[Opening Data to use section]

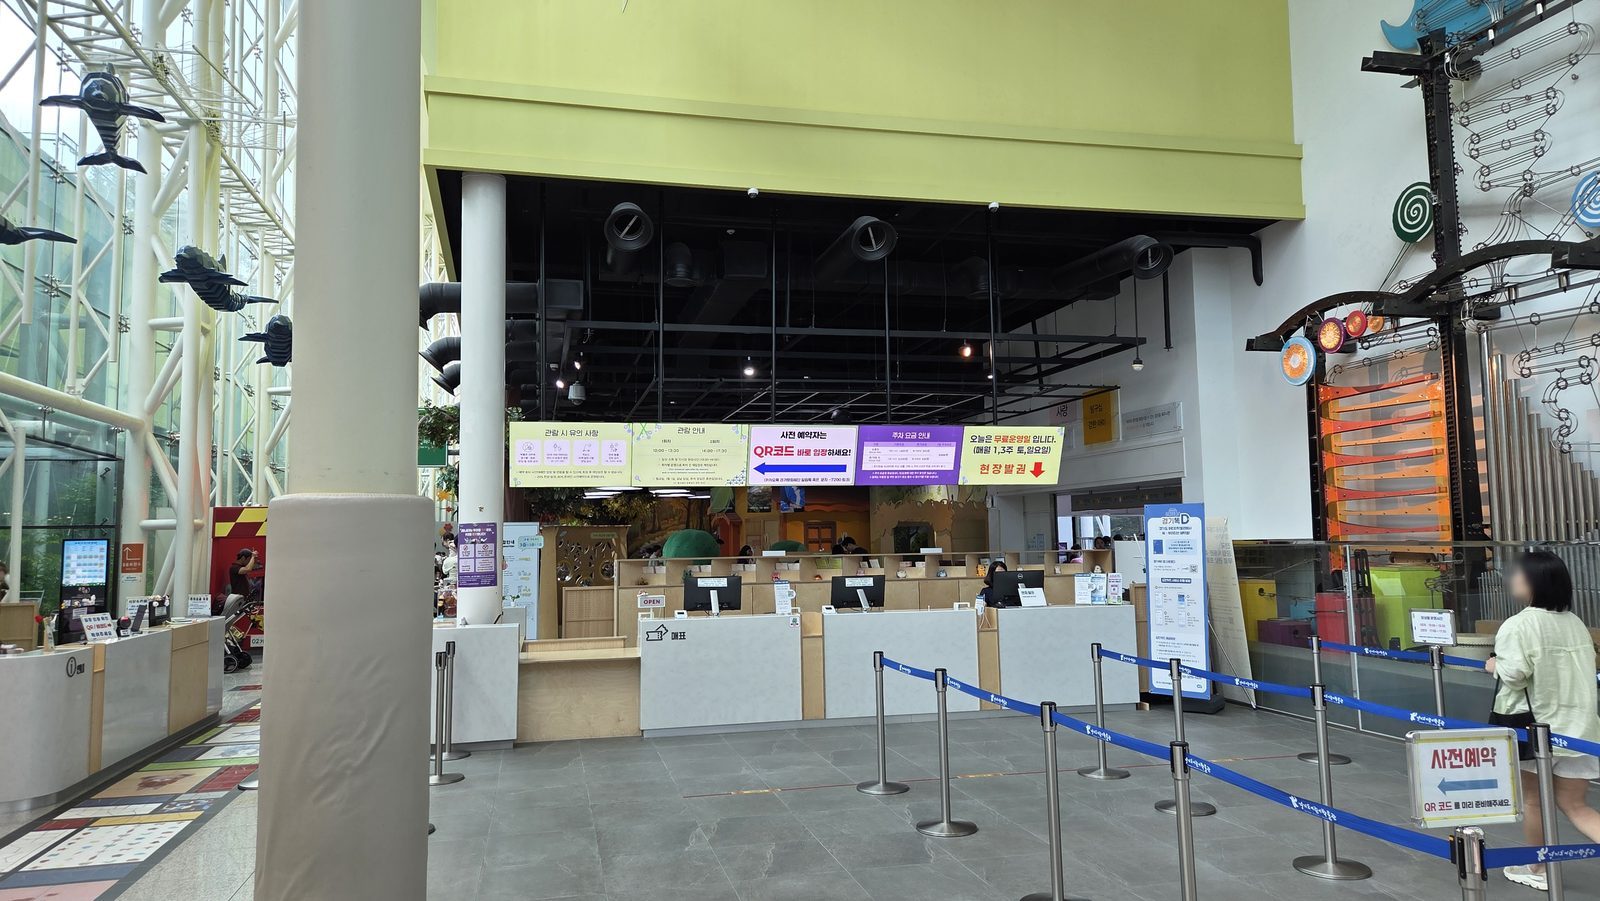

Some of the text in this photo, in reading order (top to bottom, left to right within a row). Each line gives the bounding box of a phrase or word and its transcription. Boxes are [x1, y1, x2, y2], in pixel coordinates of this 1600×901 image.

[545, 429, 599, 438] 관람 시 유의 사항
[677, 426, 691, 435] 관람
[780, 431, 828, 440] 사전 예약자는
[892, 431, 931, 440] 주차 요금 안내
[970, 434, 1057, 444] 오늘은 무료운영일 입니다.
[753, 445, 852, 458] QR코드 바로 입장하세요!
[973, 446, 1051, 455] (매월 1,3주 토,일요일)
[979, 463, 1027, 475] 현장발권
[671, 631, 687, 641] 매표
[1430, 746, 1497, 770] 사전예약
[1424, 798, 1512, 812] QR 코드 를 미리 준비해주세요.
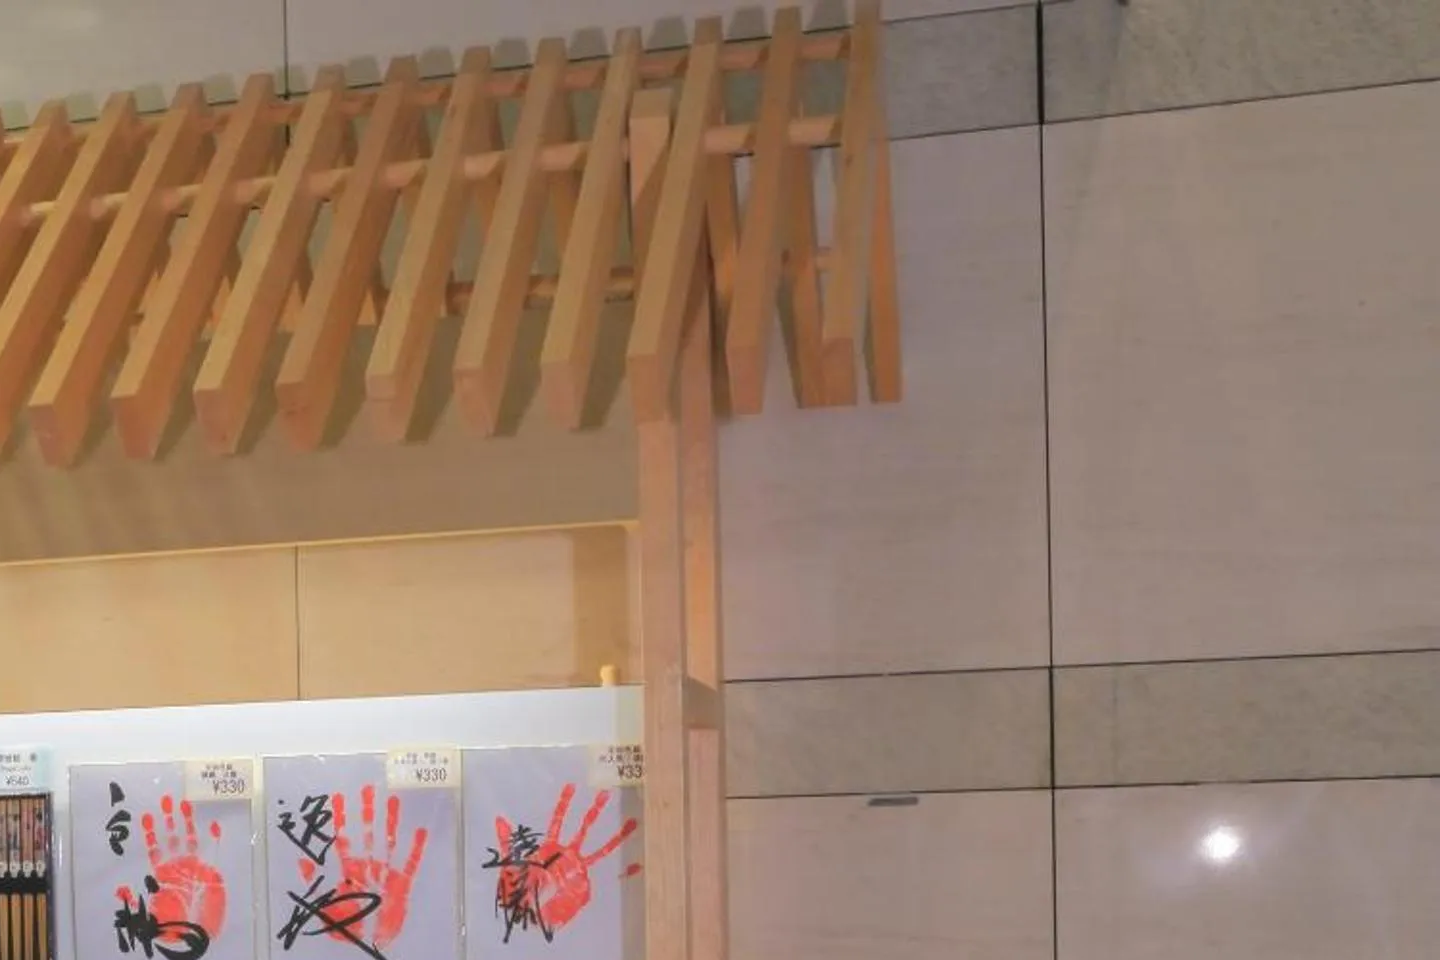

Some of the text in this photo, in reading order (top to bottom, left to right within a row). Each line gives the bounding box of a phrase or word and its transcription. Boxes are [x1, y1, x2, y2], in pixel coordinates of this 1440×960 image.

[416, 768, 448, 782] ¥330
[617, 764, 643, 779] ¥33
[213, 779, 245, 794] ¥330
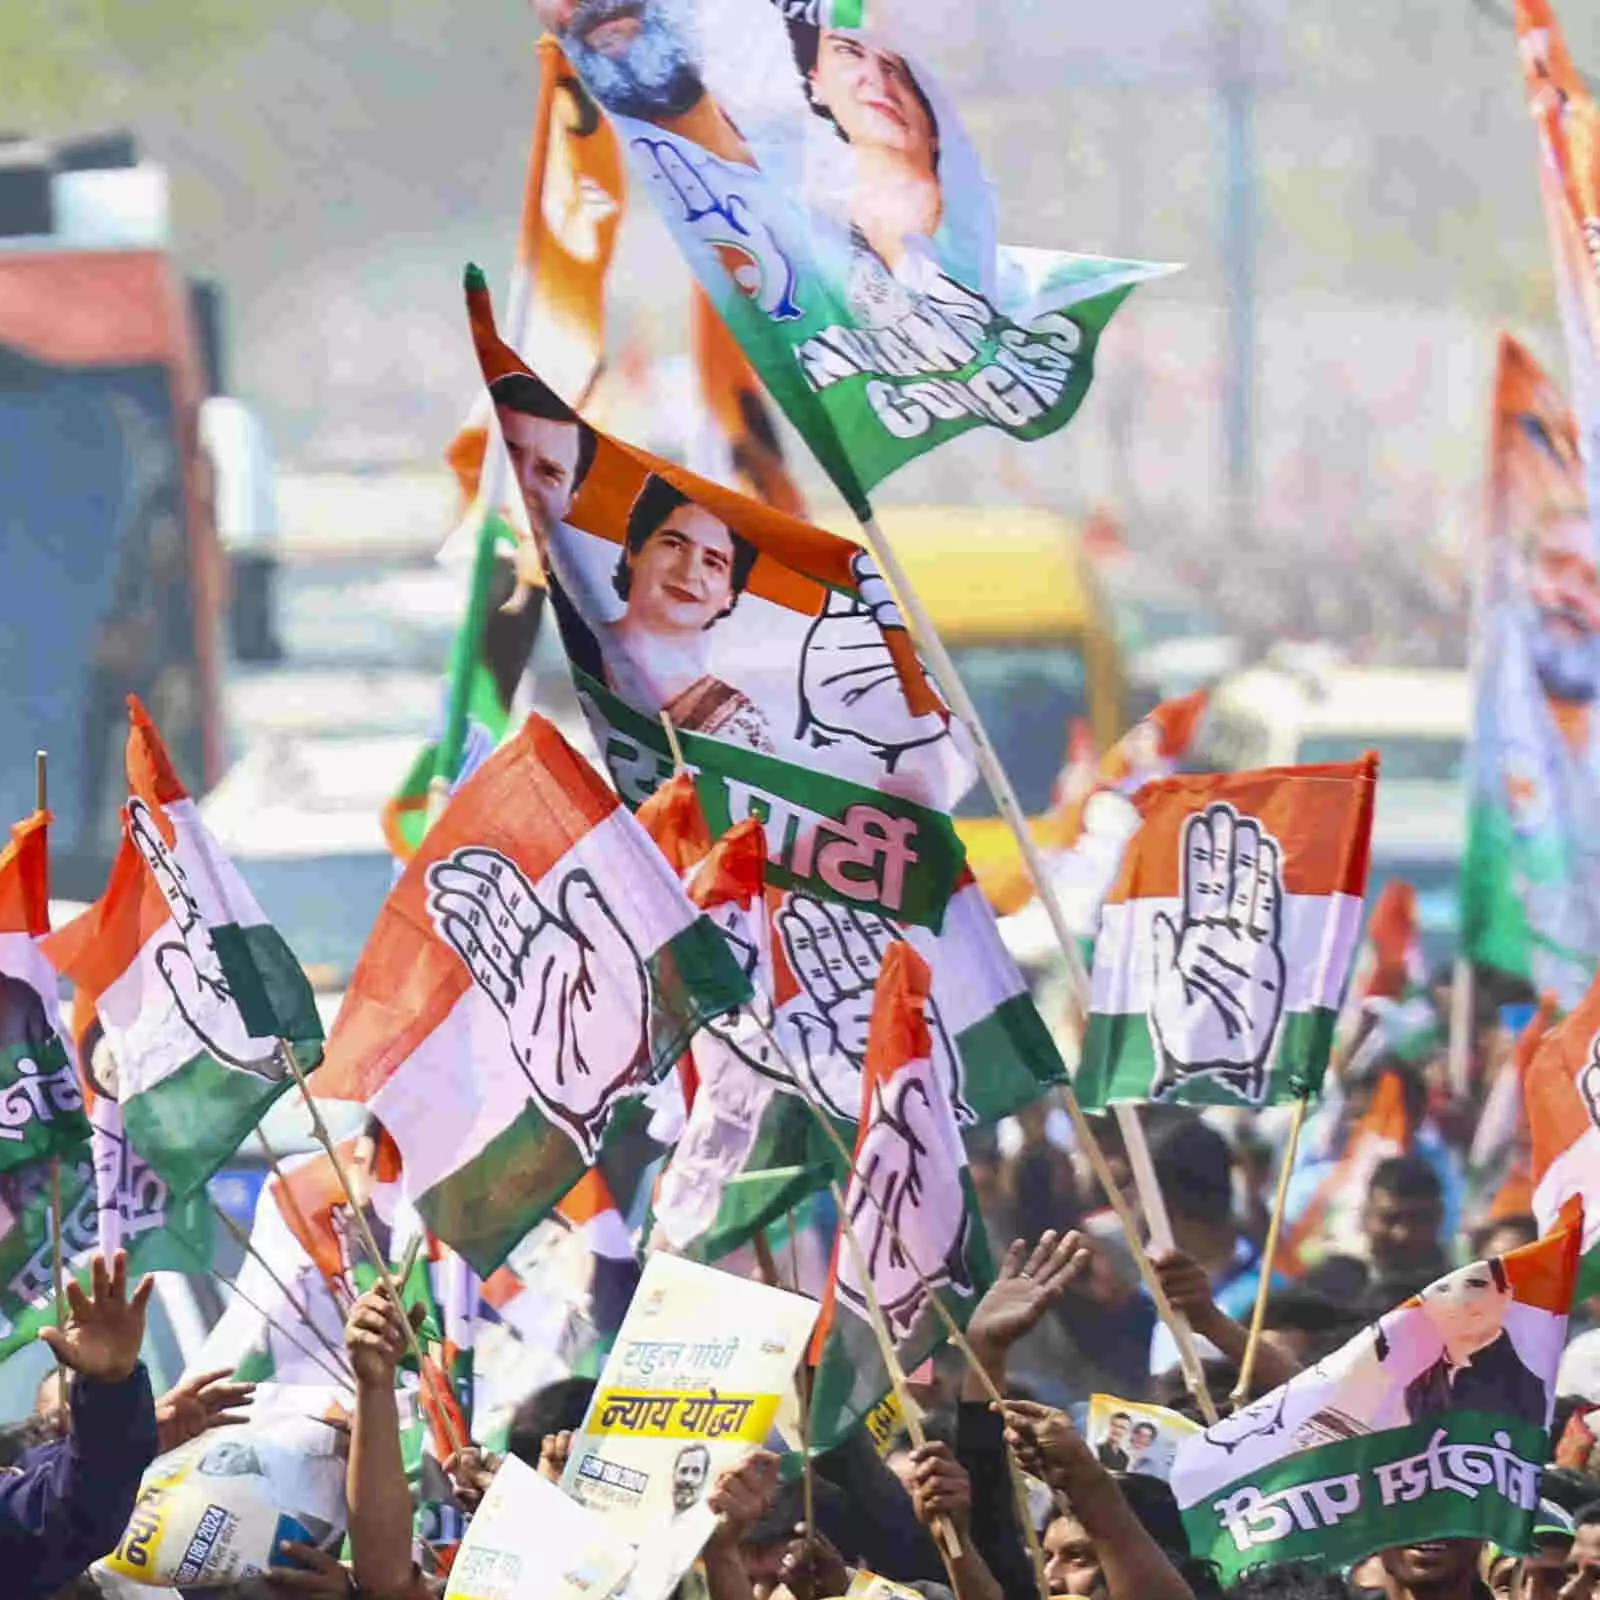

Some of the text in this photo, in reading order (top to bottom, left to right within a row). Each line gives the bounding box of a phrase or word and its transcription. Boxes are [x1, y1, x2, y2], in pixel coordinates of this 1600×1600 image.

[601, 1386, 755, 1437] न्याय योद्धा
[202, 1507, 227, 1541] 2024

[Closing Data to use section]

- Work required -
Leave the pictures behind and repeat each entry exactly.

- Your response -
Some of the text in this photo, in reading order (top to bottom, left to right within a row). Each line gives the bounding box of a phrase or word and its transcription. Boxes are [x1, y1, x2, y2], in pixel coordinates of this 1600×901 image.

[545, 429, 599, 438] 관람 시 유의 사항
[677, 426, 691, 435] 관람
[780, 431, 828, 440] 사전 예약자는
[892, 431, 931, 440] 주차 요금 안내
[970, 434, 1057, 444] 오늘은 무료운영일 입니다.
[753, 445, 852, 458] QR코드 바로 입장하세요!
[973, 446, 1051, 455] (매월 1,3주 토,일요일)
[979, 463, 1027, 475] 현장발권
[671, 631, 687, 641] 매표
[1430, 746, 1497, 770] 사전예약
[1424, 798, 1512, 812] QR 코드 를 미리 준비해주세요.

Some of the text in this photo, in reading order (top to bottom, left to right within a row). Each line gives the bounding box of a phrase or word and its transcription. Boxes are [x1, y1, x2, y2], in pixel coordinates of this 1440×960 image.

[416, 768, 448, 782] ¥330
[617, 764, 643, 779] ¥33
[213, 779, 245, 794] ¥330

Some of the text in this photo, in reading order (top to bottom, left to right within a row). Each line gives the bounding box of a phrase or word and its transcription. Boxes are [x1, y1, x2, y2], in pixel coordinates of this 1600×1600 image.

[601, 1386, 755, 1437] न्याय योद्धा
[202, 1507, 227, 1541] 2024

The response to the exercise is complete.